ManagementStyleDon’t get me wrong. Micromanagement is also a style of management, and sometimes it is needed to manage some employees, but it doesn’t work in 80% of the professional environment these days. What will you do, if your Manager is a Micro-manager? How will you handle that situation?

I got the idea of writing this blog from a conversation that I overheard in the café. The conversation goes something like this…………..

  • Mr. X: What happened to you? You don’t look so good.
  • Mr. Y: Don’t ask? Tough times at work.
  • Mr. X: Tough times? I heard you even got promoted few months back. What happened all of a sudden?
  • Mr. Y: That’s the problem. My new manager is a Micromanager. He keeps tabs on me. I can’t even go to the men’s room without informing him. I feel I am in some kind of a prison. Do you know any other jobs that I can apply for?
  • Mr. X: I am sorry to hear about your situation. You know what? There is this Project Manager Job that recently opened up in my firm, and I think you would be a better fit for it. Let me pull some strings and I will get back to you.

Let’s assume that Mr. Y was right, and his manager was at fault here. What would have he done? In this blog, I will provide few pointers to effectively deal with your Micromanager.

Talk to him about it: I am a huge believer of second chances. And that is the reason why, I would recommend you to directly talk with your manager about this (preferably in your one-on-one session). Some managers are micro-managers by nature, and if you don’t point out that this style of management annoys you, then he will never know about it, and might not change his style of management.
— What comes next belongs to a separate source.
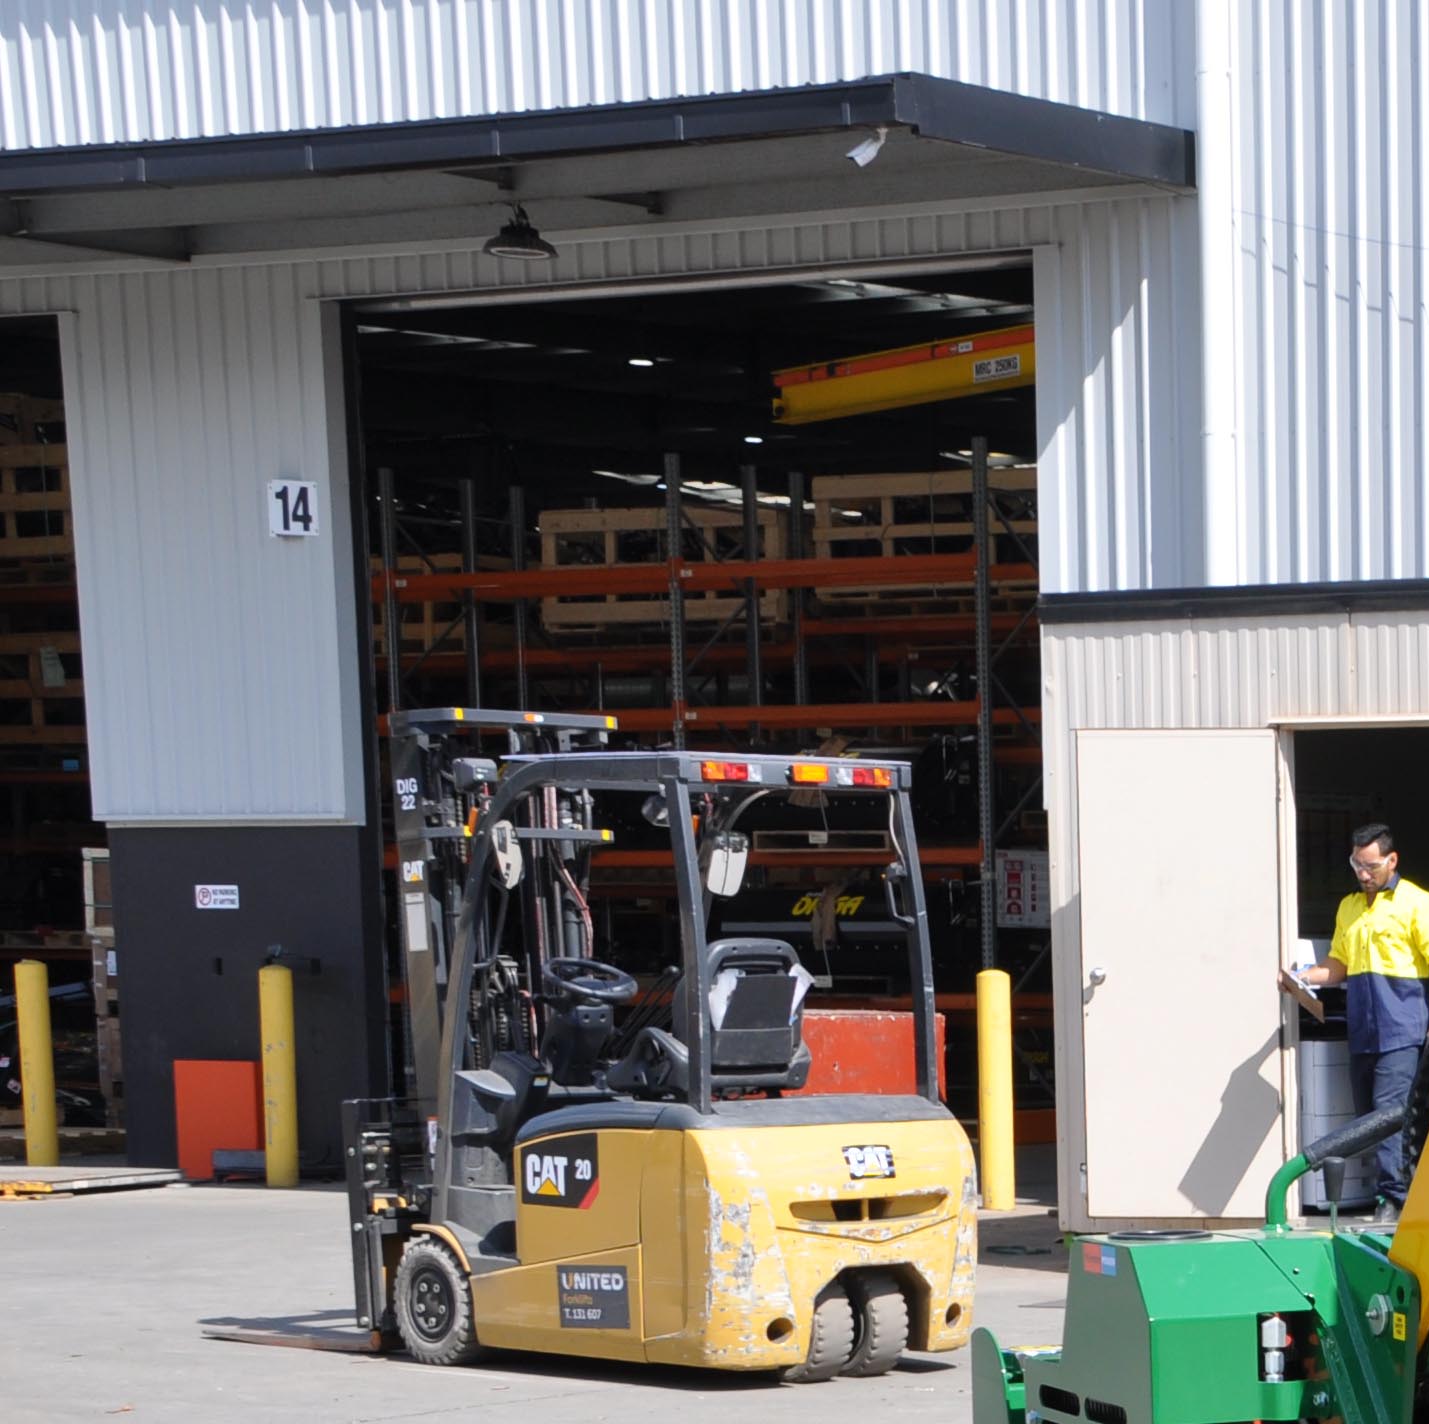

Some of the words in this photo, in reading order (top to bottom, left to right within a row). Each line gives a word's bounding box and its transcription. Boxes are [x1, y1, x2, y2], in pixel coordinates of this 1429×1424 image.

At least by having this conversation, you are giving him a chance to change.

Decide a fixed time for rounds: Most of the micromanagers like to make 5-6 rounds a day to check up on their employees. Obviously, you might not be able to change their behavior overnight, but you can definitely work with them to agree upon some fixed timings for their rounds. In this way, they don’t feel like they are losing their control over you, and at the same time you get some fixed time of their visits, so that you can prepare yourselves.

Establish your SMART goals: There are very few managers, who are micromanagers by nature. Most of the other managers use the micro-managing approach because they want to continuously monitor your performance. What if…… you take a proactive action about it, and work with your manager to establish your SMART goals? In this way, your manager will have an established method through which he can measure your performance. Thus, he won’t need to visit your cubical 24×7.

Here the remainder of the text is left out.